The drawback? You can only do this for a maximum of five days in any 90-day period (so for the other 85 days your ebook will have to be priced at a minimum of 99p/99 cents). Oh, and you have to remain exclusive to Amazon during your enrollment period, so you can’t offer your ebook for free digitally anywhere else, including your own website.
In fact, if you want to offer your ebook for free on Amazon permanently, you shouldn’t touch KDP Select at all. There’s a far, far better way, and you’ll still get your ebook listed on Amazon for free. Not just for a few days. But permanently. All the time.
Amazon don’t make it easy for you to find out how, because they want to sign you up to KDP Select. But it’s called price-matching, it’s fairly straightforward to achieve, and this is how you do it.
Price-matching – the best way to list your ebook for free on Amazon
First, you need to publish your ebook with Amazon KDP and set the price at the lowest possible level, ie 99p or 99 cents. Do not enroll your ebook in the separate KDP Select programme. (If your book is already published at a different (higher) price, go into your KDP account and edit the price down to 0.99, ie the lowest you can go on Amazon.)
Because you’re not in KDP Select, you can offer your book digitally elsewhere, so now publish it on Apple Books too, or via an aggregator like Smashwords which will put it in online bookstores and libraries worldwide. At all those outlets set the price as ‘zero’, so now your book is available for free almost everywhere except for the Kindle store on Amazon. Wait for it to show up as ‘free’ in those other stores before the next step – you’ll see my book, Travels From Heart and Home, available for free in various stores in the image below. (Again, if your book is already for sale on those other platforms and you now want to make it free, go in to the accounts and set the price to 0.00.)



Go back to your Amazon KDP account to your ‘Bookshelf’, click ‘Help’ (top right of the page) and then ‘Contact us’ (bottom left) – because you’ll notice they don’t provide the help you want in their Help pages…
Clicking ‘Contact us’ brings up a ‘How can we help’ list, where you should check ‘Pricing’ and then click ‘Price matching’.

Clicking ‘send us an email’ then brings up the template to ask Amazon to ‘match’ the 0.00 (free) price at your other distributors.
Sending the email is self-explanatory, but I would write something like this:
‘Please match the price of 0.00 for my book [title, author, ASIN – ie, Amazon book ID number].
It is available for 0.00 at competitors including Apple Books [include hyperlink to your book where it is available for free], Kobo [ditto], and Barnes and Noble [ditto].
I’d be grateful if you would please match that price.
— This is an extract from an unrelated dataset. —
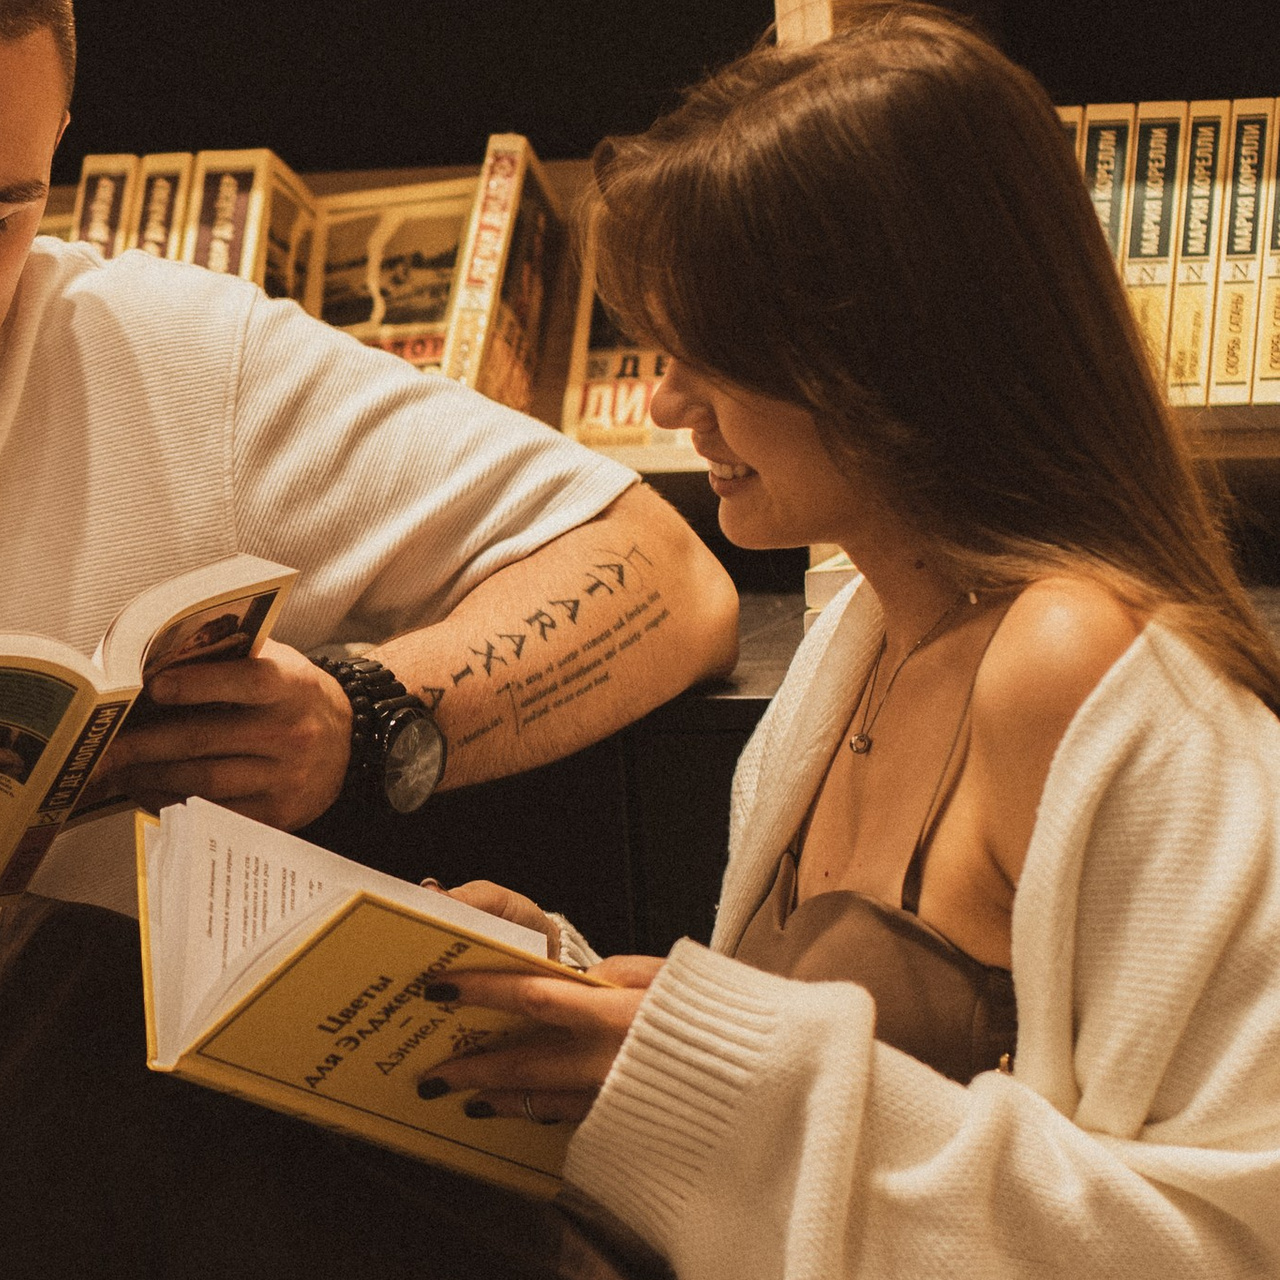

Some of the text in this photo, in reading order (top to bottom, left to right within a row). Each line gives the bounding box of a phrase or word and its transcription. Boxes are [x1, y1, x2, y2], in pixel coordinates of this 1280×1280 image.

Thank you.’
Finally, your ebook is free on Amazon
Having logged your price-match request with Amazon, you sit back and wait. You’ll probably get an acknowledgment email shortly and then, fairly soon, an email from Customer Support telling you that they have price-matched your book successfully. Here’s my book listing on Amazon, now showing as available for free.

A few things to note
You might get the same result by reporting – or asking someone to report – the lower (ie 0.00) price of your book in the ‘Tell us about a lower price’ link included with every Amazon book listing. But this method above is more reliably quicker.
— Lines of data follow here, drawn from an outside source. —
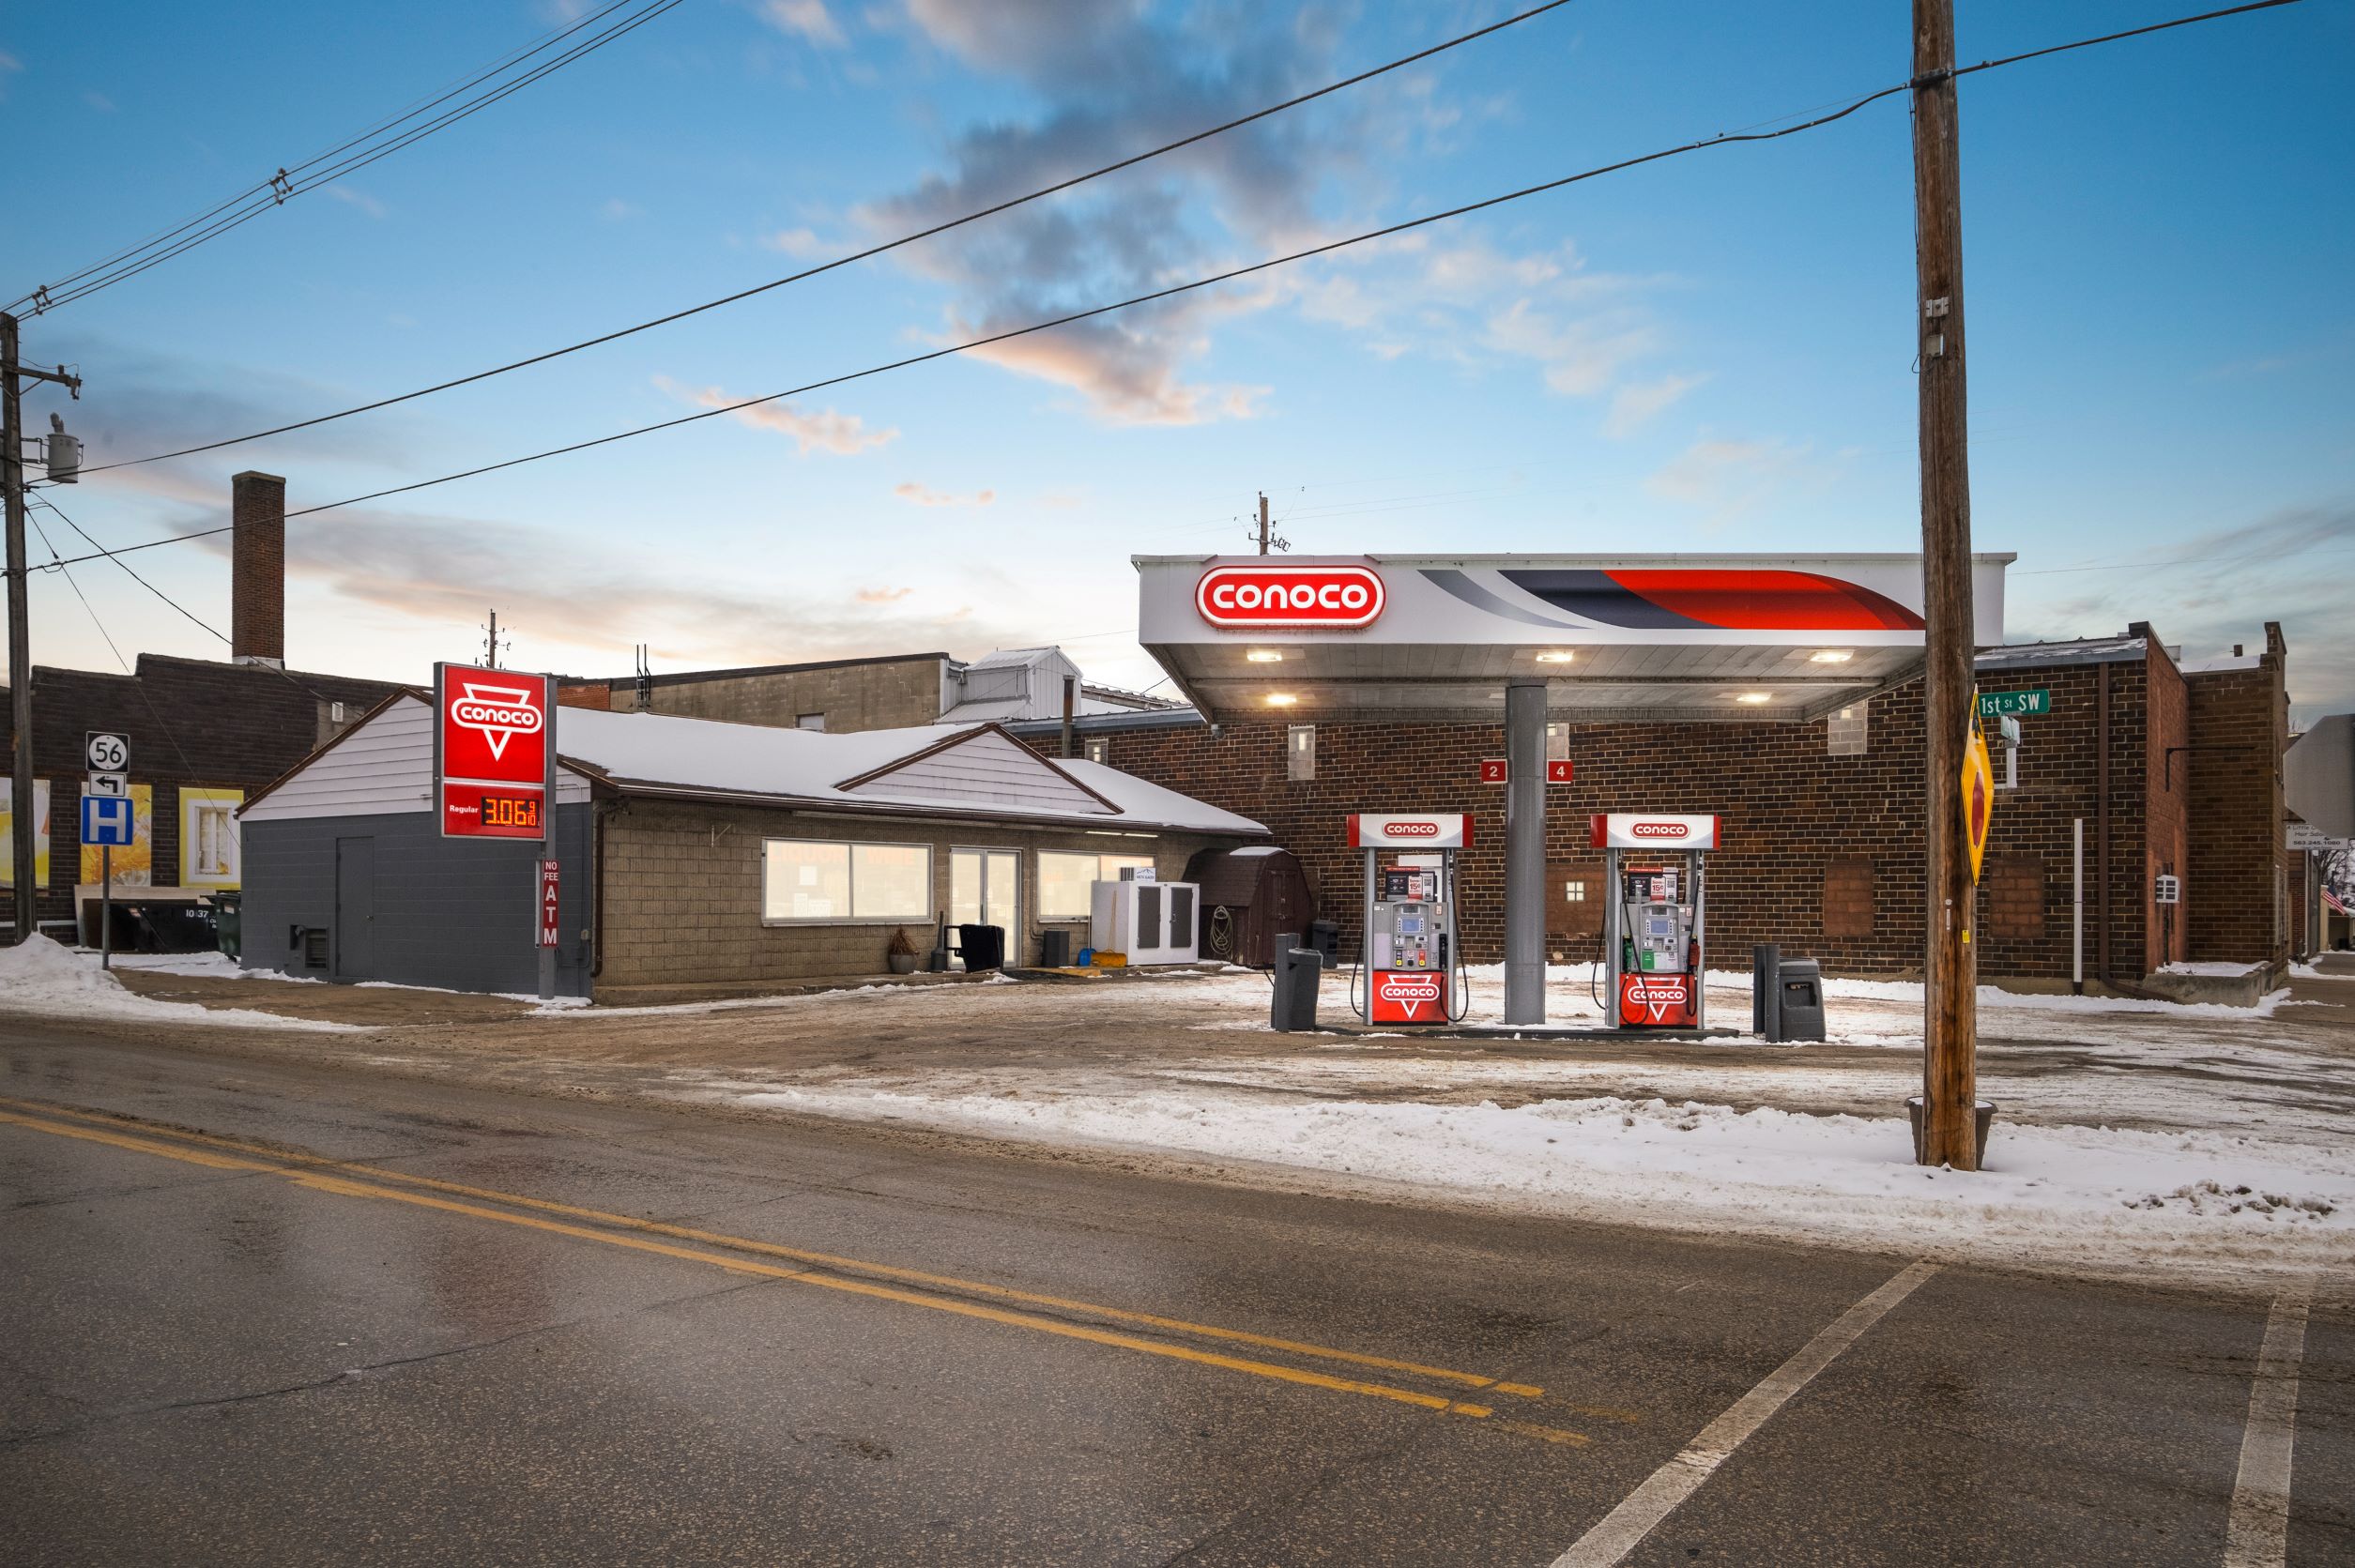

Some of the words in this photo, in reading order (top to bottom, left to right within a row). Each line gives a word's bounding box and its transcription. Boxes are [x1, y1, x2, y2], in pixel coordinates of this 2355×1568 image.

[1980, 696, 2000, 714] 1st
[2004, 699, 2012, 708] St
[2018, 693, 2040, 711] SW
[95, 741, 122, 764] 56
[1489, 766, 1498, 777] 2
[1556, 766, 1565, 777] 4
[449, 804, 479, 814] Regular
[528, 800, 536, 813] 9
[88, 799, 127, 843] H
[768, 846, 845, 863] LIQUOR
[545, 861, 558, 871] NO
[543, 872, 558, 881] FEE
[543, 885, 558, 944] ATM
Amazon don’t HAVE to price-match for you – after all, they don’t make any money from giving away free ebooks – but they probably will because it’s not in their long-term interest to sell things that others are giving away.
When they do price-match your book to zero, Amazon should do it in all territories that the book is sold, whether you asked them to or not – so the email outlined above might just have links to the UK page of your book, but your confirmation email from Amazon will likely show the book appearing as free across a dozen worldwide territories. You can always check using the links in your KDP Bookshelf.
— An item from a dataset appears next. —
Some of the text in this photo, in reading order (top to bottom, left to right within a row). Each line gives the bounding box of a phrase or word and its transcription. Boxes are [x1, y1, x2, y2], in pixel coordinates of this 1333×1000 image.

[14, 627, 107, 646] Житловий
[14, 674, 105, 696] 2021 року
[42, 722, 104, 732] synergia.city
Talking of which, your ebook listing in your KDP Bookshelf will continue to show your book costing 0.99 (as the image below shows), but rest assured – it is now showing as 0.00 on the actual book sale pages.

So, price-matching is the only game in town when it comes to making your ebook permanently free on Amazon, and it’s really straightforward to do.
As to WHY you want to give away your work and make your ebook free – well, here’s a useful post on the subject I prepared earlier!
[Main image, Free Share by Mike Cohen, CC BY 2.0, creditscoregeek.com]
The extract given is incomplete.